- [PROBLEM]: Reproduce the full listing below exactly. Do not include the pictures.

= = =

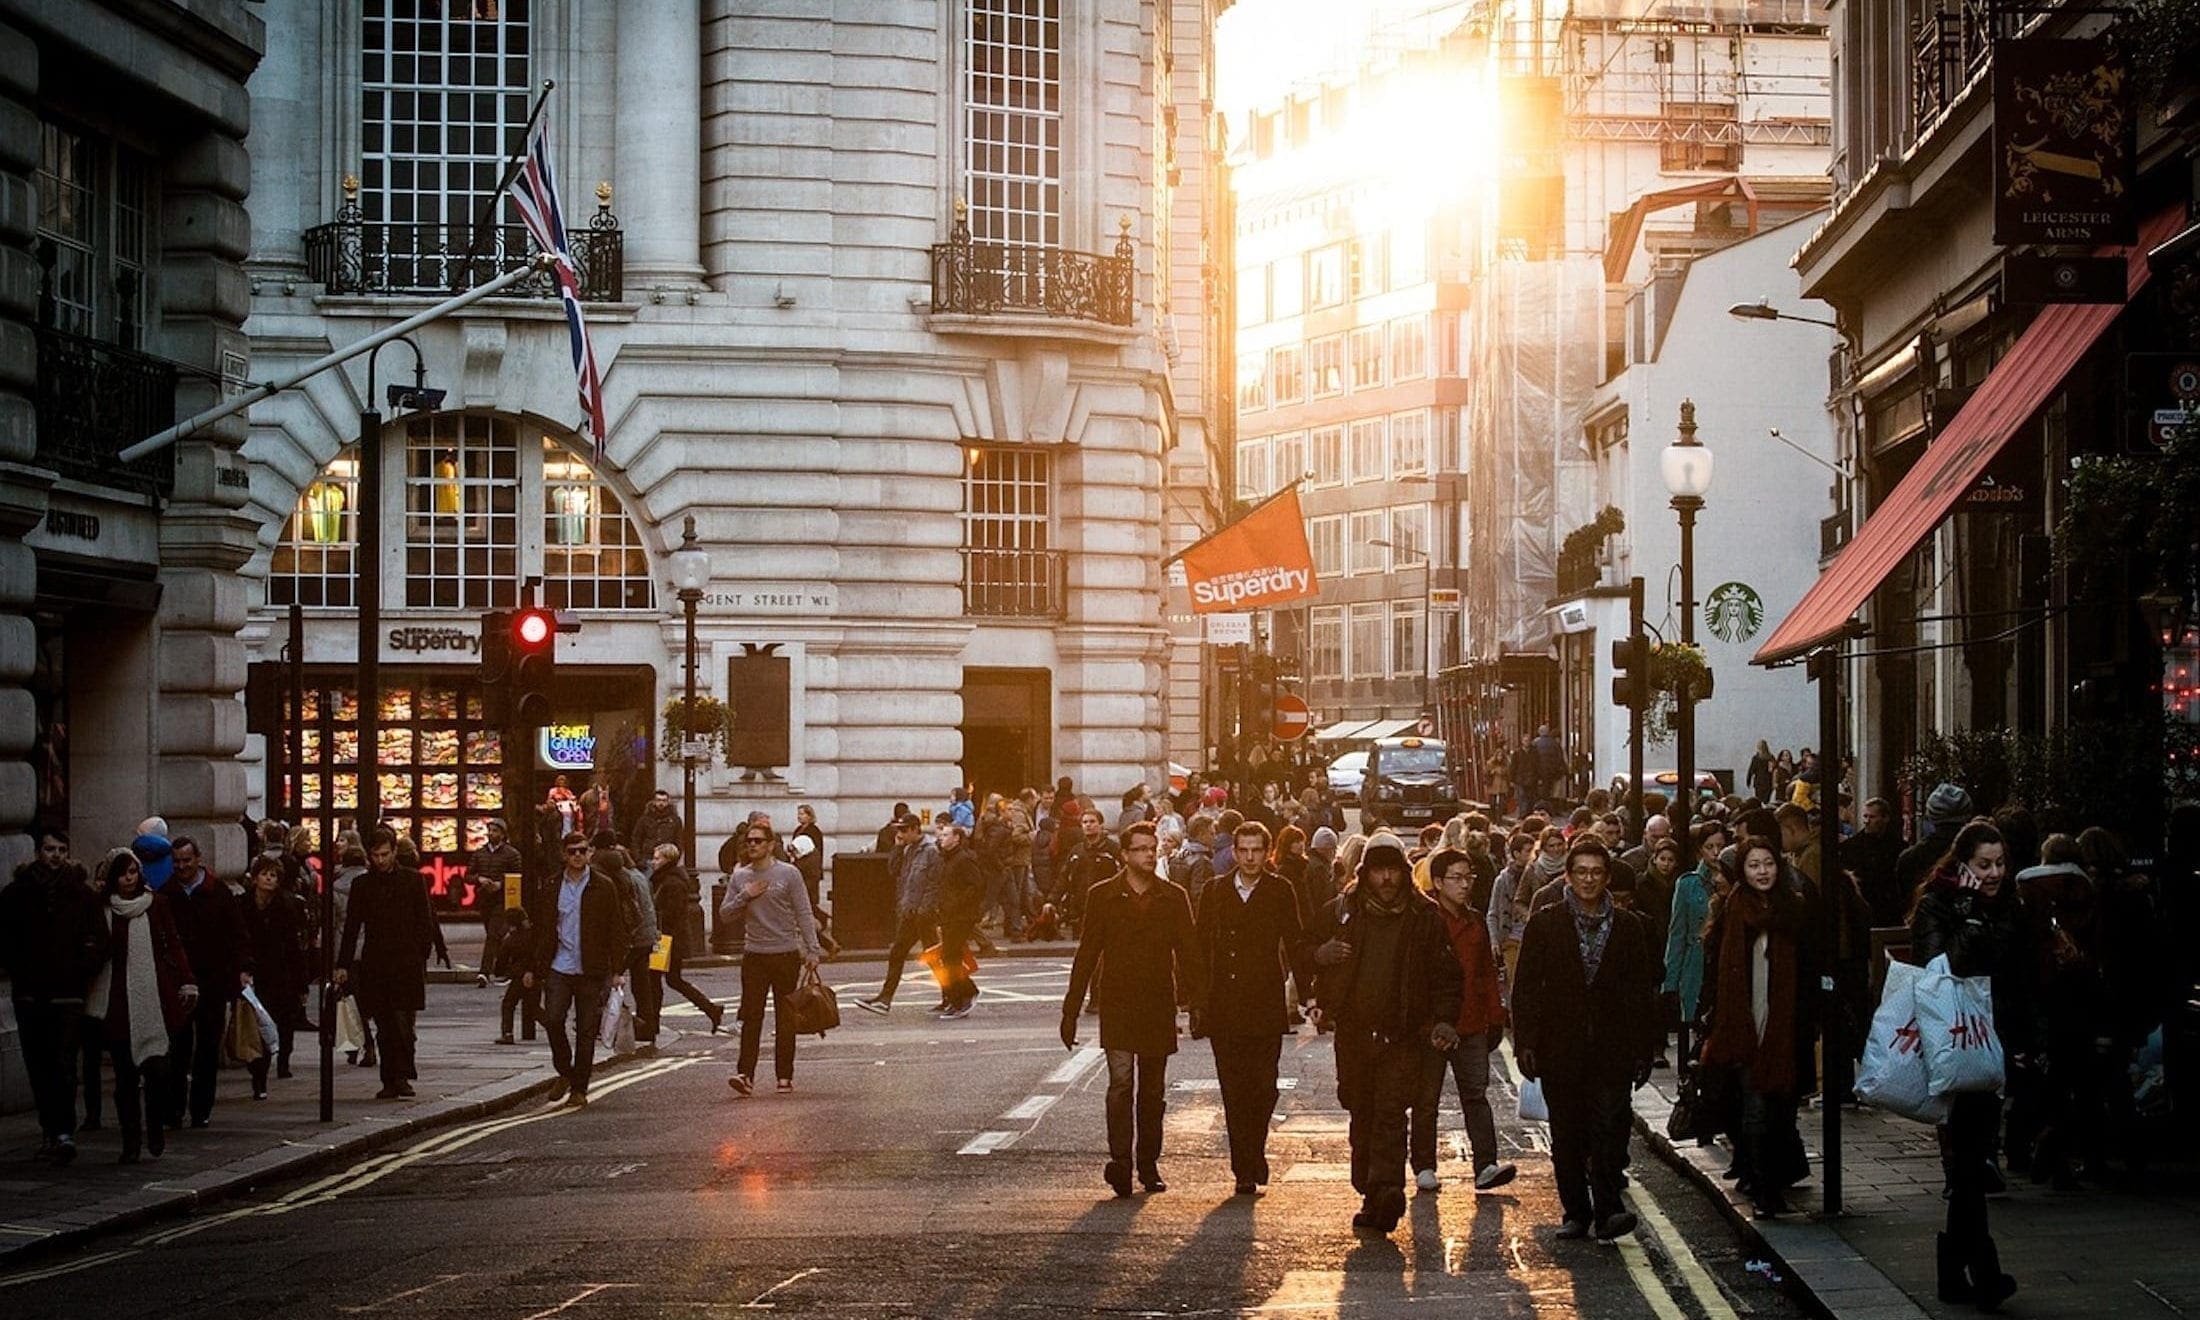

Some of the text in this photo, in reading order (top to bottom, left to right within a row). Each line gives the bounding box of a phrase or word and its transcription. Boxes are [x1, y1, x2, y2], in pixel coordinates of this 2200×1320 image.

[2023, 211, 2112, 225] LEICESTER
[2045, 227, 2092, 239] ARMS
[1194, 567, 1309, 605] Superdry
[701, 594, 742, 606] GENT
[753, 594, 803, 607] STREET
[389, 628, 482, 655] Superdry
[1948, 1011, 1993, 1053] H&M
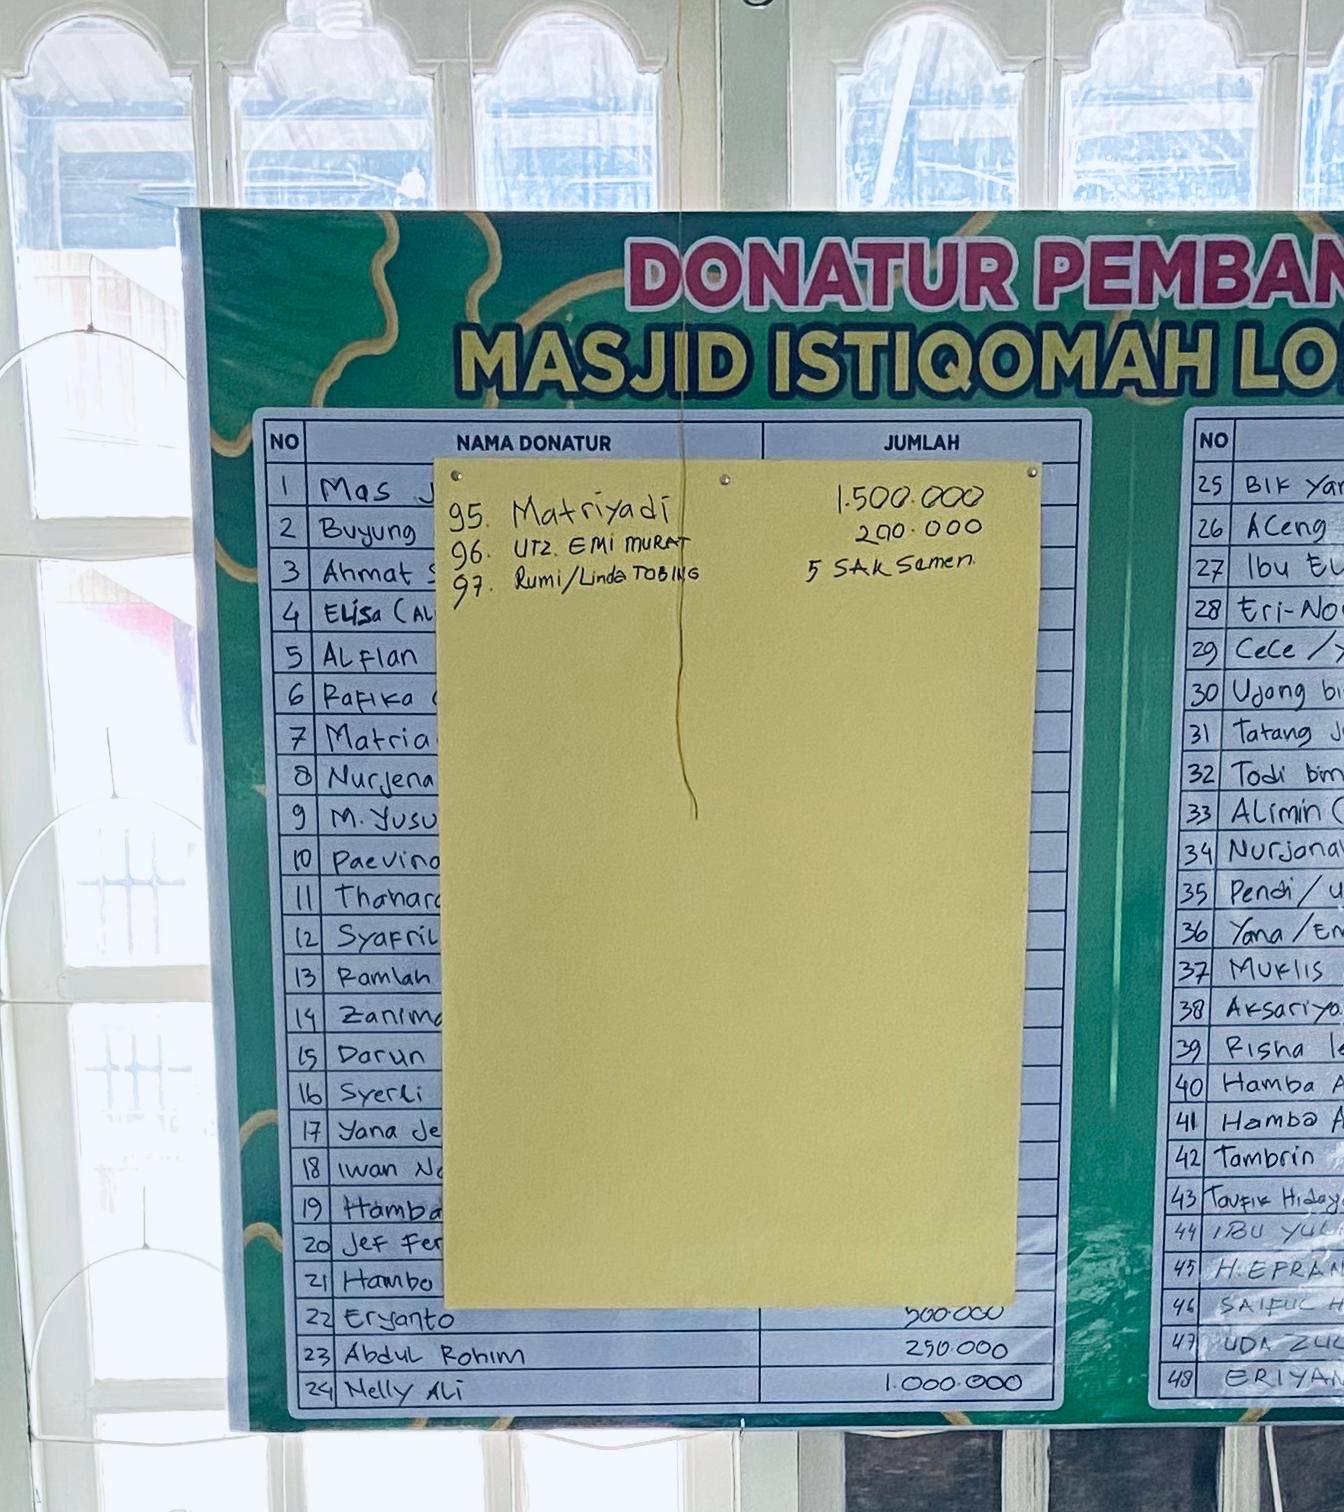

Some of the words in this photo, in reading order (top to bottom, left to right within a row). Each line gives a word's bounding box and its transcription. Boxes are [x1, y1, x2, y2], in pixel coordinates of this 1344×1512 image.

[626, 237, 1017, 310] DONATUR
[458, 326, 751, 396] MASJID
[773, 324, 1215, 397] ISTIQOMAH
[270, 433, 300, 450] NO
[456, 434, 514, 452] NAMA
[520, 434, 612, 452] DONATUR
[883, 434, 960, 451] JUMLAH
[1199, 431, 1229, 449] NO
[1197, 475, 1223, 496] 25
[279, 517, 297, 539] 2
[1197, 517, 1224, 538] 26
[280, 559, 300, 583] 3
[1195, 558, 1225, 583] 27
[282, 601, 300, 632] 4
[1194, 599, 1222, 621] 28
[285, 646, 303, 669] 5
[1192, 641, 1218, 666] 29
[288, 682, 304, 706] 6
[1190, 683, 1219, 707] 30
[289, 726, 307, 750] 7
[1189, 723, 1209, 744] 31
[293, 764, 313, 787] 8
[1187, 764, 1215, 784] 32
[292, 803, 306, 830] 9
[1186, 804, 1212, 825] 33
[293, 849, 312, 871] 10
[1184, 842, 1213, 866] 34
[296, 884, 313, 911] 11
[1179, 882, 1208, 906] 35
[295, 926, 319, 949] 12
[1180, 920, 1208, 945] 36
[295, 966, 317, 988] 13
[1178, 961, 1210, 985] 37
[295, 1007, 317, 1033] 14
[1178, 999, 1205, 1022] 38
[298, 1046, 318, 1071] 15
[1175, 1038, 1202, 1063] 39
[299, 1082, 323, 1105] 16
[1175, 1073, 1204, 1101] 40
[302, 1120, 322, 1143] 17
[1175, 1111, 1197, 1133] 41
[302, 1156, 321, 1181] 18
[1175, 1144, 1202, 1170] 42
[302, 1197, 323, 1221] 19
[1171, 1185, 1197, 1210] 43
[1174, 1222, 1198, 1241] 44
[302, 1235, 332, 1254] 20
[1173, 1257, 1198, 1278] 45
[306, 1272, 328, 1293] 21
[306, 1307, 335, 1329] 22
[1172, 1296, 1194, 1317] 46
[1171, 1333, 1196, 1351] 47
[304, 1346, 333, 1368] 23
[306, 1380, 334, 1400] 24
[1167, 1369, 1194, 1388] 48

= = =

- [RESULT OF THIS TASK]:
Some of the text in this photo, in reading order (top to bottom, left to right within a row). Each line gives the bounding box of a phrase or word and its transcription. Boxes are [x1, y1, x2, y2], in pixel coordinates of this 2200×1320 image.

[2023, 211, 2112, 225] LEICESTER
[2045, 227, 2092, 239] ARMS
[1194, 567, 1309, 605] Superdry
[701, 594, 742, 606] GENT
[753, 594, 803, 607] STREET
[389, 628, 482, 655] Superdry
[1948, 1011, 1993, 1053] H&M

Some of the words in this photo, in reading order (top to bottom, left to right within a row). Each line gives a word's bounding box and its transcription. Boxes are [x1, y1, x2, y2], in pixel coordinates of this 1344×1512 image.

[626, 237, 1017, 310] DONATUR
[458, 326, 751, 396] MASJID
[773, 324, 1215, 397] ISTIQOMAH
[270, 433, 300, 450] NO
[456, 434, 514, 452] NAMA
[520, 434, 612, 452] DONATUR
[883, 434, 960, 451] JUMLAH
[1199, 431, 1229, 449] NO
[1197, 475, 1223, 496] 25
[279, 517, 297, 539] 2
[1197, 517, 1224, 538] 26
[280, 559, 300, 583] 3
[1195, 558, 1225, 583] 27
[282, 601, 300, 632] 4
[1194, 599, 1222, 621] 28
[285, 646, 303, 669] 5
[1192, 641, 1218, 666] 29
[288, 682, 304, 706] 6
[1190, 683, 1219, 707] 30
[289, 726, 307, 750] 7
[1189, 723, 1209, 744] 31
[293, 764, 313, 787] 8
[1187, 764, 1215, 784] 32
[292, 803, 306, 830] 9
[1186, 804, 1212, 825] 33
[293, 849, 312, 871] 10
[1184, 842, 1213, 866] 34
[296, 884, 313, 911] 11
[1179, 882, 1208, 906] 35
[295, 926, 319, 949] 12
[1180, 920, 1208, 945] 36
[295, 966, 317, 988] 13
[1178, 961, 1210, 985] 37
[295, 1007, 317, 1033] 14
[1178, 999, 1205, 1022] 38
[298, 1046, 318, 1071] 15
[1175, 1038, 1202, 1063] 39
[299, 1082, 323, 1105] 16
[1175, 1073, 1204, 1101] 40
[302, 1120, 322, 1143] 17
[1175, 1111, 1197, 1133] 41
[302, 1156, 321, 1181] 18
[1175, 1144, 1202, 1170] 42
[302, 1197, 323, 1221] 19
[1171, 1185, 1197, 1210] 43
[1174, 1222, 1198, 1241] 44
[302, 1235, 332, 1254] 20
[1173, 1257, 1198, 1278] 45
[306, 1272, 328, 1293] 21
[306, 1307, 335, 1329] 22
[1172, 1296, 1194, 1317] 46
[1171, 1333, 1196, 1351] 47
[304, 1346, 333, 1368] 23
[306, 1380, 334, 1400] 24
[1167, 1369, 1194, 1388] 48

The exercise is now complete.